There’s a difference between sales and politics. To me, selling is a response to an actual need. The client needs a single, simple something. In response, you try to sell him three deluxe somethings and the extended warranty. Underneath the hoopla (and the optional rust-proofing) there’s a need in there somewhere, and it’s usually the client’s.

Politics is about manipulation. It’s about pushing the levers, pressing the buttons, pulling the strings (and exhausting the idioms.)  If there’s a need in there, it’s your need for the client to do something your way, for whatever reason.

How does this relate to copywriting (because it should, right)? Actually, I find myself in this position often.  I get inspired during the writing process and start off in a direction that is not exactly what we agreed to. Pretty close but, in my opinion, better. When it comes time to submit the draft, I start to wonder how am I going to present this? How am I going to couch it? How am I going to slip it over the transom/under the radar/through the keyhole?

Now, here’s where the true Marketing Communications pros would swoop in and apply their mastery of human nature. “We’ll point them towards X, but they’ll resist and try to pick Y. Then we’ll hit them with Z, which is actually X with just enough Y in it to make them think that it was their idea.’

Manipulative? Absolutely, but I don’t mean it in a bad way…as long as you’re acting in the client’s best interest. I think this kind of scheming is an art form. I wish I had any talent for it whatsoever, but I don’t.

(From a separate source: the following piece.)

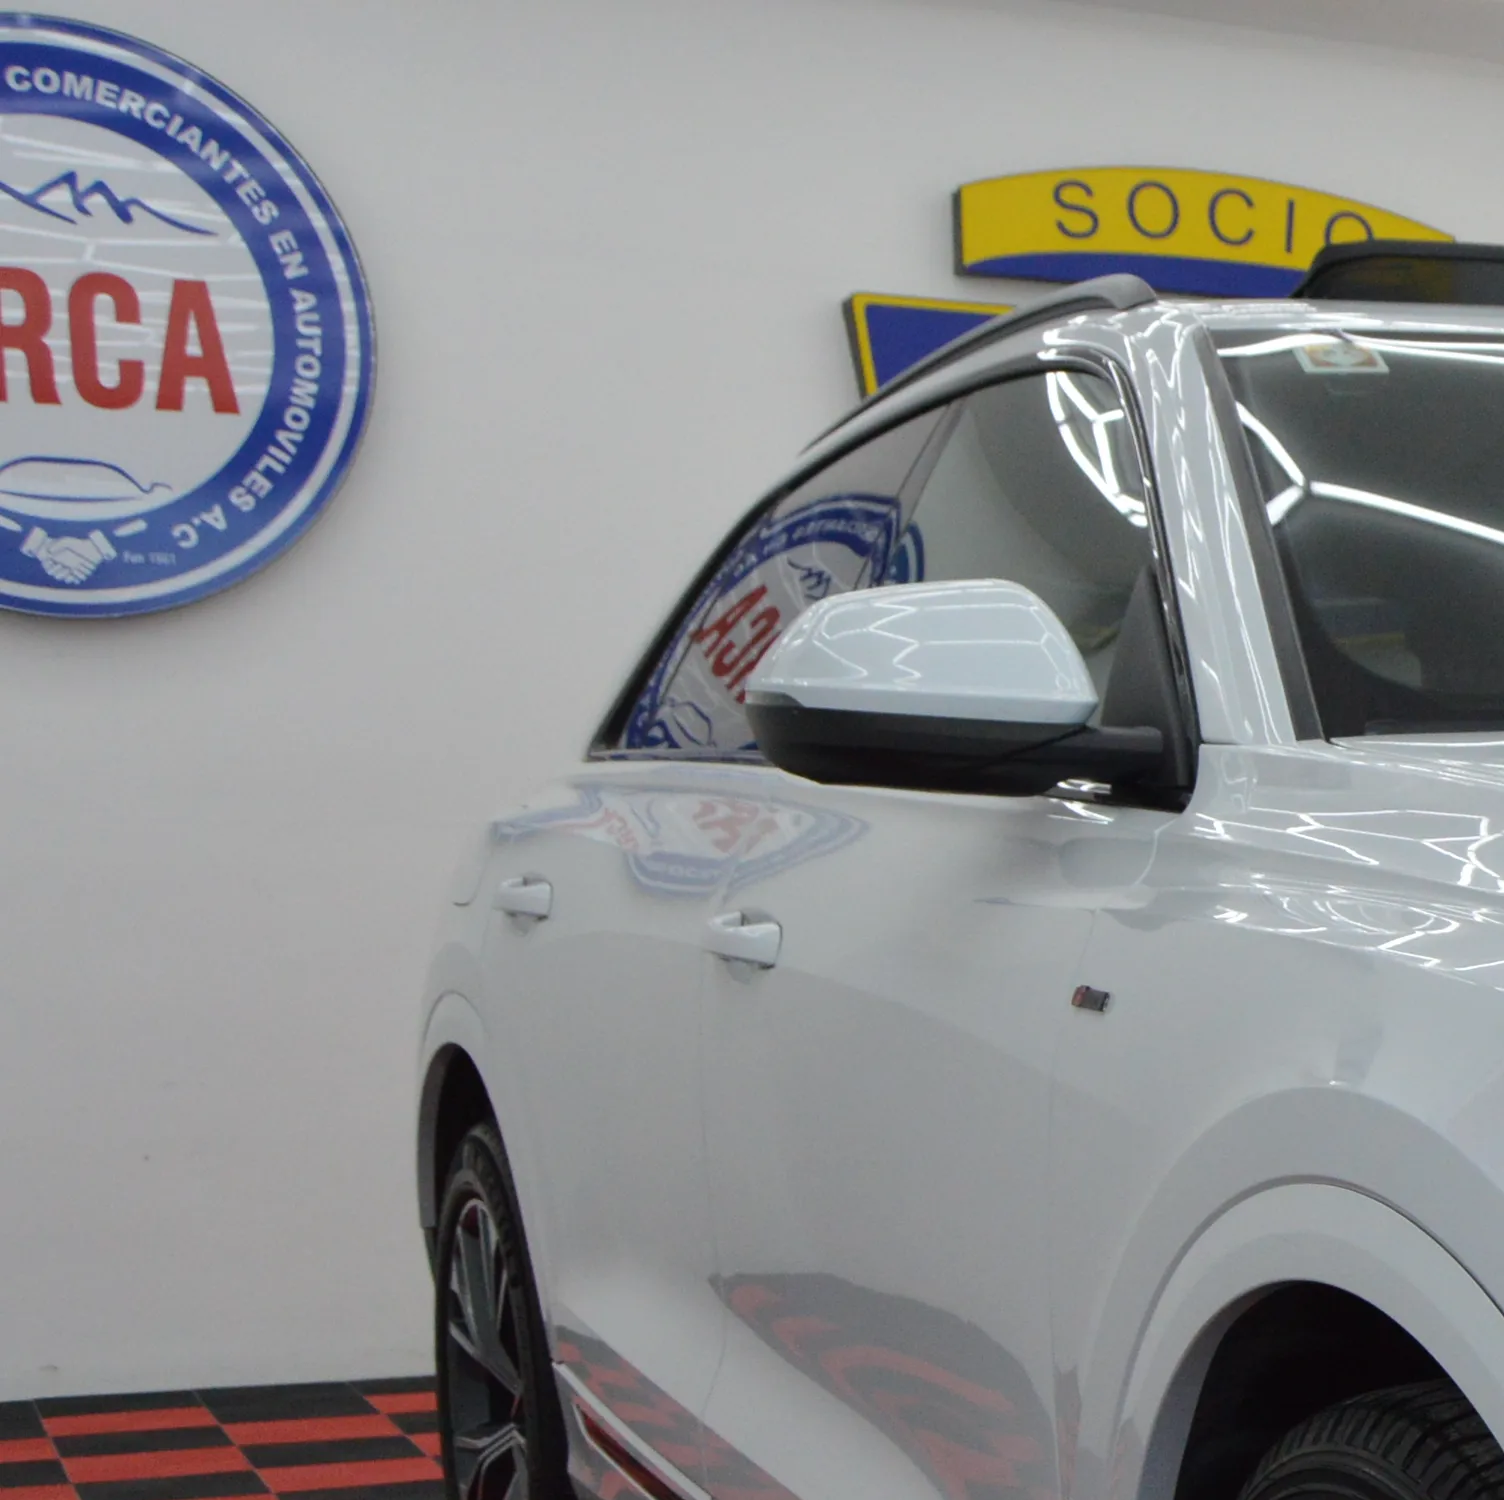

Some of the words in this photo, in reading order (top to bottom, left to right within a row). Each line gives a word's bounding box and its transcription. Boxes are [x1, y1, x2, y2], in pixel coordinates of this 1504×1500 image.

[4, 64, 279, 226] COMERCIANTES
[269, 228, 307, 281] EN
[226, 289, 324, 513] AUTOMOVILES

I am just a copywriter, so my writing has to speak for itself. So I submit the draft. I don’t write a preamble “warning” them that this won’t be exactly what we discussed. I don’t ask them to have an open mind. I just present it, hope that it flies, and try to prepare myself for any potential objections.  No tricks, no ploys, no angle.

On the other hand…

It just occurred to me that, as far as managing client expectations, my candid confession of not having an angle is actually an angle…and a really good one! So forget everything I just said.